I saw many of the same things you describe during my various journeys to the area - there are still many foxholes, trenches and of course the remains of Westwall bunkers and dragon's teeth. I wasn't really looking for relics though, but I did come away with a rather nasty 12-inch long shell fragment (with brass rotating band) from the field west of the village of Huertgen that I cleaned up and polished. I also broke off a chunk of a demolished bunker (#358) that Klaus Schulz had defended when he was there as a Fahnenjunker with the 353rd Inf.Div. in Sep. 1944. The area that most fascinated me was where I slept one night under the trees - it was an area about 500 meters west of the village of Germeter along the eastern bank of the Kall. This area, which was carpeted with smallish fir trees, was literally pock-marked with shell holes and foxholes - from both sides, probably. Though the features had been softened by 60 years of erosion and blankets of pine needles, you couldn't help but notice that some very serious fighting had taken place there. Signs of the fighting are still all over the place, though the buildings themselves bear few of the scars (just about everything had been destroyed and had to be rebuilt).

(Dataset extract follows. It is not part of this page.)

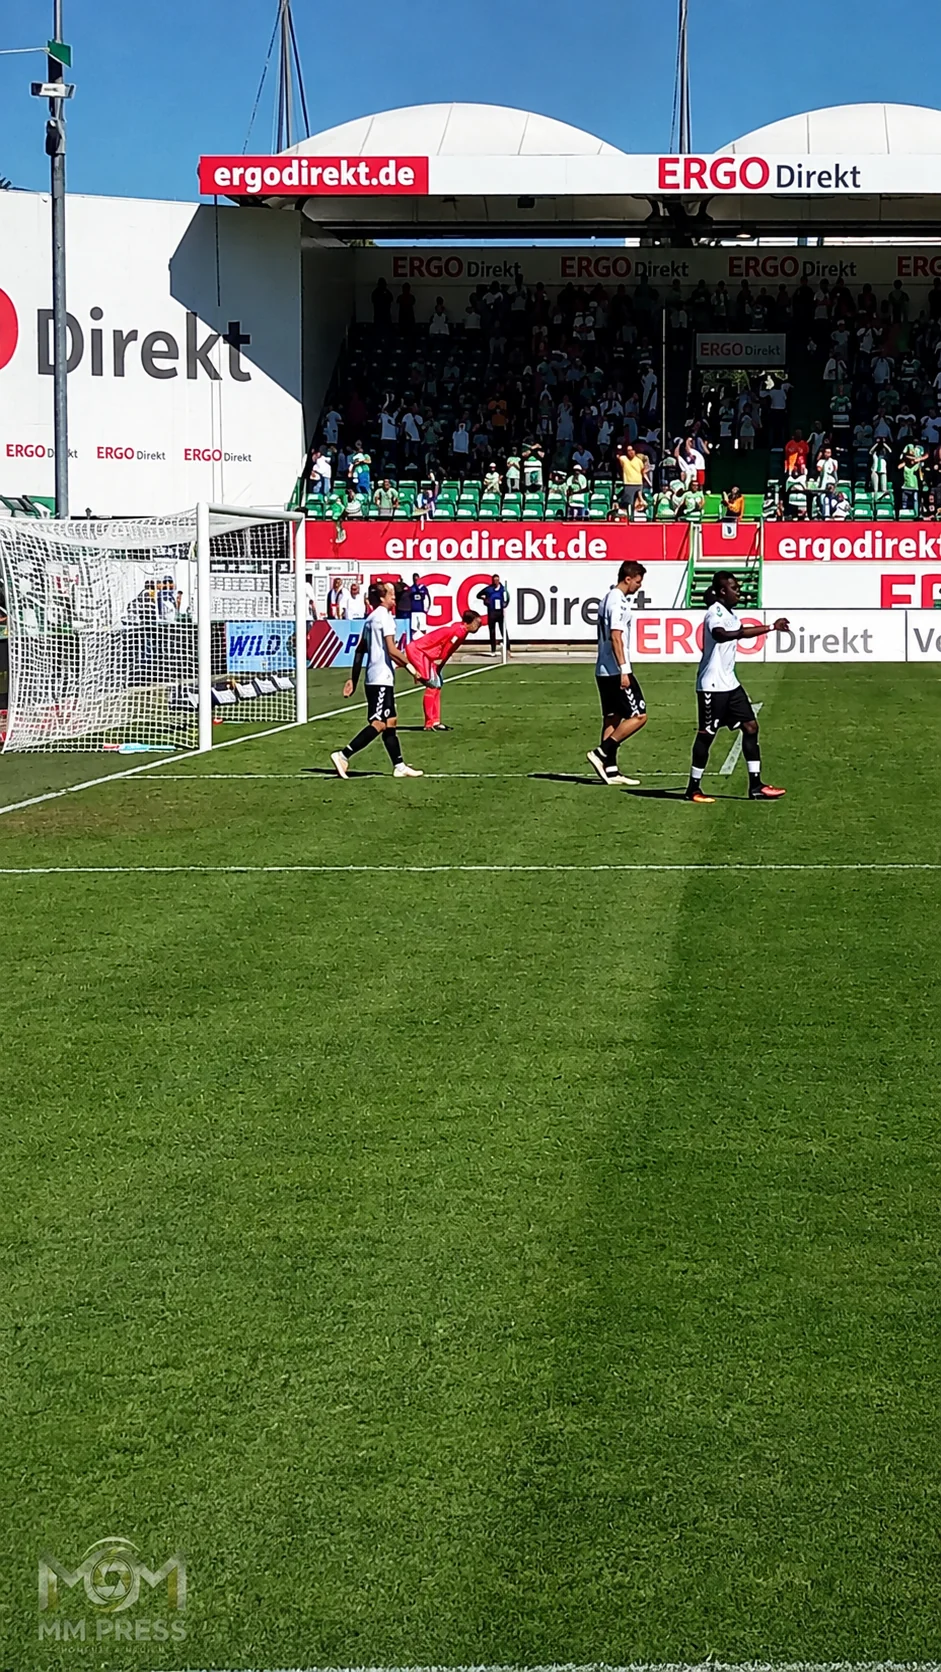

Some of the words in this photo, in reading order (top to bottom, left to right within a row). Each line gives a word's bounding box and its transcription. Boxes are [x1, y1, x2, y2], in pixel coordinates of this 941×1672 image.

As for the typos, that surprised me - so I went back to my original manuscript and lo and behold, my original spelling was correct but at some point along the way, during of the many edits, someone used a spell checker with slightly different dictionary and made the change to the manuscript. After viewing the manuscript about a hundred times, I missed that one (and who knows how many others) because after a while, your eyes glaze over and you can't spot errors even if your life depended upon it. So I guess those will have to be fixed if there is a second edition. Also, I noticed that a detailed footnote about how the Jg.Pz. 38 came to be called a Hetzer also got deleted - can't explain that one, though I guess that AFV purists everywhere are probably shaking their heads at my ignorance -
Glad to hear that you enjoyed the book - after writing and proofing it a thousand times or so, I was getting pretty tired of it, to tell you the truth and was wondering if I had accomplished what I set out to do. From what I've heard so far from about a dozen people who have read it, I guess I struck a nerve, in a good way. Hope that this addresses the historical record and shows people that the VGDs could be pretty damned good and certainly, at least when they were first fielded, did not consist of callow teenagers and drooling old men.
Abbott: This sure is a beautiful forest.
Costello: Too bad you can't see it for all those trees!